__Task item__.
For this exercise, transcribe all of the entries exactly.

=== Material for this exercise ===

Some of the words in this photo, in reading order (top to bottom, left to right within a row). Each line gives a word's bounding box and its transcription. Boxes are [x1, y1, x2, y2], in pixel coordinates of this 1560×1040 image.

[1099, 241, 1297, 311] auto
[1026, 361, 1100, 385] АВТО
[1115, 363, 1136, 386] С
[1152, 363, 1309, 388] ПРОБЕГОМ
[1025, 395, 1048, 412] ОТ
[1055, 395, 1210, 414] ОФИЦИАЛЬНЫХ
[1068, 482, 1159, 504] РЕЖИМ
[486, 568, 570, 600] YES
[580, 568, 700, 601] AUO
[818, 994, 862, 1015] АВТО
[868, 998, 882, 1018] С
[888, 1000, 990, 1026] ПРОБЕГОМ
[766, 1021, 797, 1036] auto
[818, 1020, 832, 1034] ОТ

===

__Exercise result__.
Some of the words in this photo, in reading order (top to bottom, left to right within a row). Each line gives a word's bounding box and its transcription. Boxes are [x1, y1, x2, y2], in pixel coordinates of this 1560×1040 image.

[1099, 241, 1297, 311] auto
[1026, 361, 1100, 385] АВТО
[1115, 363, 1136, 386] С
[1152, 363, 1309, 388] ПРОБЕГОМ
[1025, 395, 1048, 412] ОТ
[1055, 395, 1210, 414] ОФИЦИАЛЬНЫХ
[1068, 482, 1159, 504] РЕЖИМ
[486, 568, 570, 600] YES
[580, 568, 700, 601] AUO
[818, 994, 862, 1015] АВТО
[868, 998, 882, 1018] С
[888, 1000, 990, 1026] ПРОБЕГОМ
[766, 1021, 797, 1036] auto
[818, 1020, 832, 1034] ОТ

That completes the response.